During closing argument, defense counsel referred to “lobbyists, who spend millions of dollars to influence the Congress of the United States to pass special rule to-.” He was interrupted by the Court which characterized this as “improper argument” and suggested that counsel “go on to something else.” Contrary to appellant’s suggestion, the Court did not prevent defense counsel from making the point that the tax laws are complex. We perceive no impropriety.

Later, in the course of an argument that appellant honestly believed he was not a person required to file an income tax return, defense counsel referred to the Dred Scott decision and asserted that the Supreme Court there ruled in 1862 that a person of African descent was not a person. The Court sustained the government’s objection. The Supreme Court’s holding that Dred Scott “was not a citizen of Missouri within the meaning of the Constitution of the United States” was not relevant to any issue in this case, and counsel was not foreclosed from making his concededly relevant argument.

Appellant’s final contention relates to a side comment made by defense counsel in the context of the following segment of argument:

If you’ll recall, Mr. Stewart left his business card at the door at 565 Addison, where Mr. Stuler has lived for the last eighteen years. Although, the government would have you believe he’s lived there for the last thirty-two years, because they got the wrong address on it. But that’s okay. I mean, minor point.
*742You mil see in all those exhibits that they say his address is 565 Addison. So, 1969, 1970, ’71, ’72, ’73, ’74, ’75, ’76, ’77, ’78, ’79, ’80, he didn’t move there until 1983. But, minor point. Anyway, he was there from 1983 on.
The trash. September of 1997. It wasn’t even created until September of 1997. So, there it is. It says revised, September, 1997 right, right here on these hundred numbered pages from the trash. But Mr. Staler had stopped filing in 1981. And, for whatever mistaken reason, the IRS says, well, he filed in 1982.
He, he didn’t file in 1982, ladies and gentlemen. They got a piece of paper that somebody prepared somewhere because they’re computer-made. Another mistake. That said that he filed and got a refund. And he didn’t file and he didn’t get a refund.
MR. DILLON: Your Honor, I have to object.
THE COURT: Sustained. There is no evidence of that. Don’t argue things that aren’t in evidence.
MR. COHAN: But I am going to argue the lack of evidence. The lack of evidence to prove beyond a reasonable doubt that Larry Staler knew that he was a person required, because of all the evidence that you have before you, that Mr. Staler didn’t know that he was a person required.
Now, I am going to draw your attention to this special agent’s report that I asked Mr. Stewart about.

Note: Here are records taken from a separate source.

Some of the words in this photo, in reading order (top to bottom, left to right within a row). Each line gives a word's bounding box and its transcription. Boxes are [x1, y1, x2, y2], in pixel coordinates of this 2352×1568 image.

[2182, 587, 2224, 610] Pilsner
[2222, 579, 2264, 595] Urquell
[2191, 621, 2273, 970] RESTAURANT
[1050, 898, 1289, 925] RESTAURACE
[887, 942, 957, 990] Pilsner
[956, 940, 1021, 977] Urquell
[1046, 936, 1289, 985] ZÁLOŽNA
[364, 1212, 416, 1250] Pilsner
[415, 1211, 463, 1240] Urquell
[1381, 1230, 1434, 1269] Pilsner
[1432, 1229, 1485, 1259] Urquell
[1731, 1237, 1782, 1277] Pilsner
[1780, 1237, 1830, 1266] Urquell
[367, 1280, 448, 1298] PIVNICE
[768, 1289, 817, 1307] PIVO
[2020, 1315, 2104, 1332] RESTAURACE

And, perhaps, you will recall that I drew his attention to page sixteen....

App. Ill at 627-28.

The Court was correct that there was no evidence that Staler had not filed an income tax return in 1982. An IRS records custodian testified that Staler filed a tax return and obtained a refund in 1982. This evidence was not challenged on cross-examination, and neither Staler nor any other witness asserted that he did not file a tax return in 1982.

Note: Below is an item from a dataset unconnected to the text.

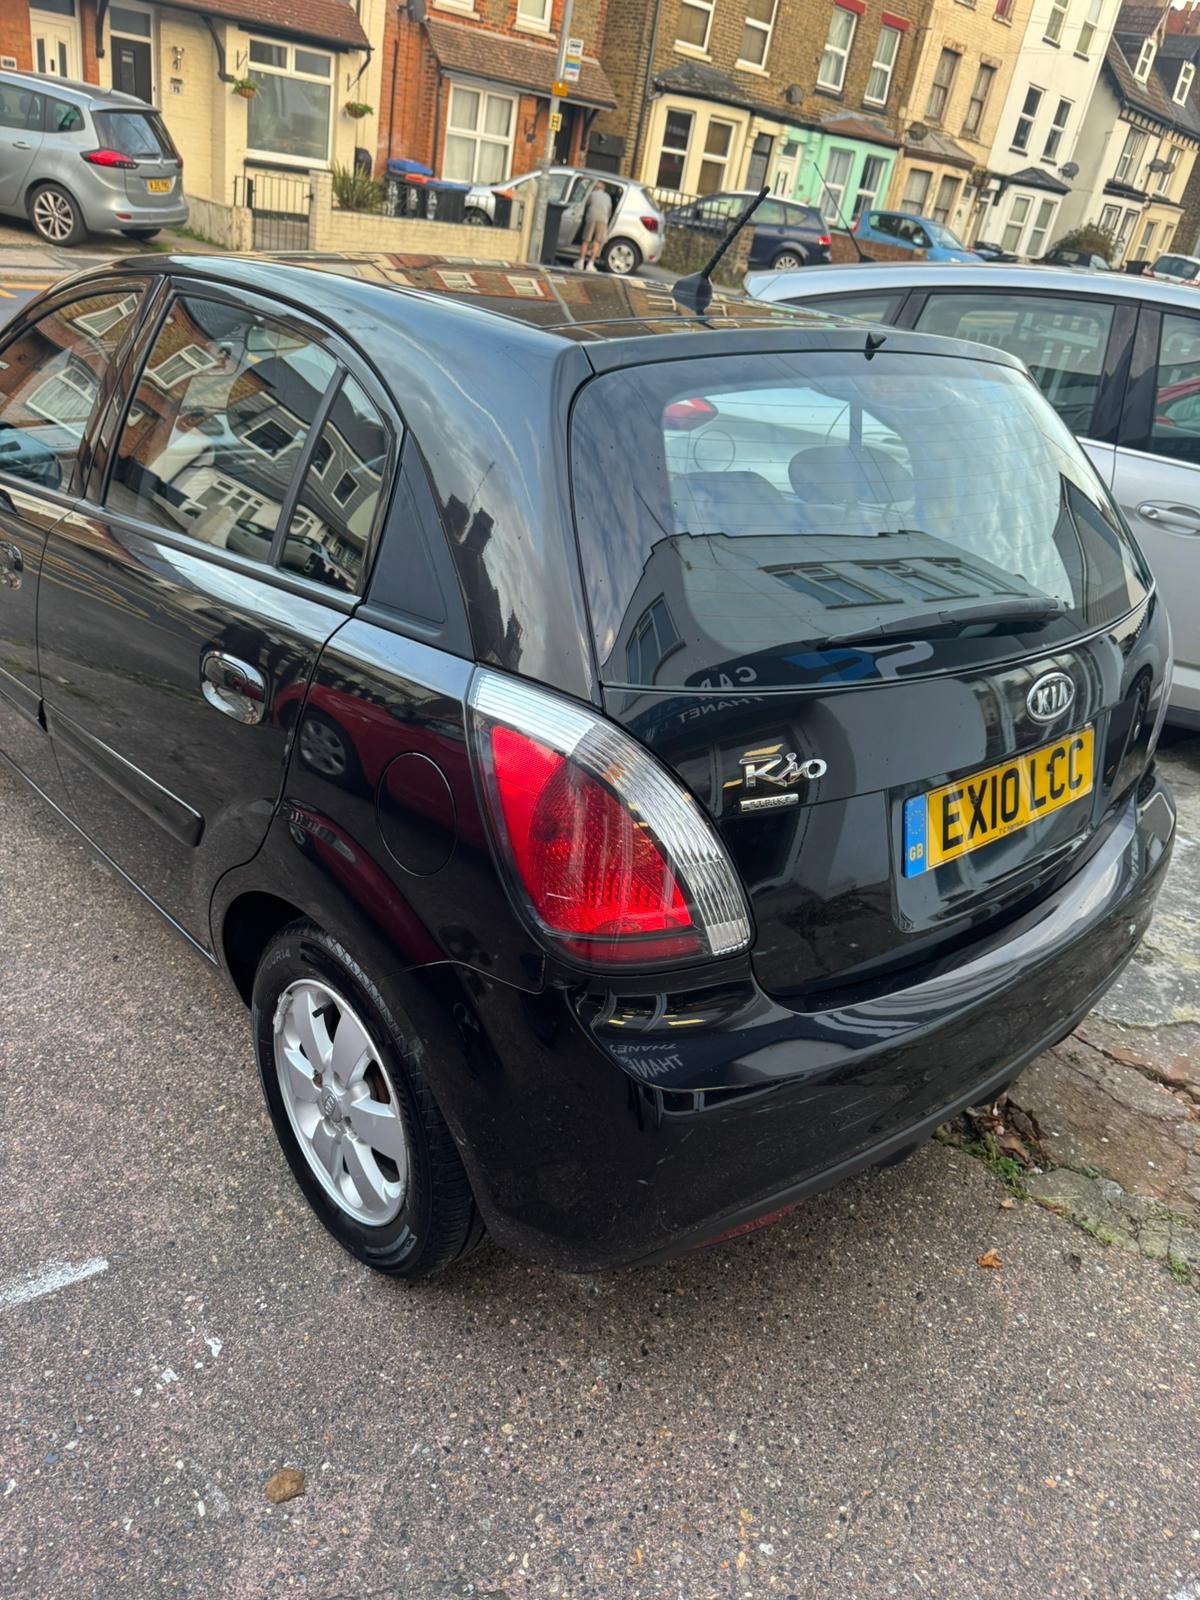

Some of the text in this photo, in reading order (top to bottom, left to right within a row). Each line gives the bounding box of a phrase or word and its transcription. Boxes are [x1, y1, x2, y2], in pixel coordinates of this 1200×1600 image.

It is quite true, as appellant stresses, that counsel was entitled to argue that the government’s evidence was insufficient to prove Stuler's knowledge of his duty to file beyond a reasonable doubt. But counsel was permitted by the Court to make that argument once he made it clear that he was not miseharacterizing the evidence, but rather arguing that the evidence on the point was mistaken. Moreover, given the context, the fact that Staler had filed from 1969-1980, and the record as a whole, we are confident beyond a reasonable doubt that this ruling of the Court did not affect the outcome.

III.

The judgment of the District Court will be affirmed.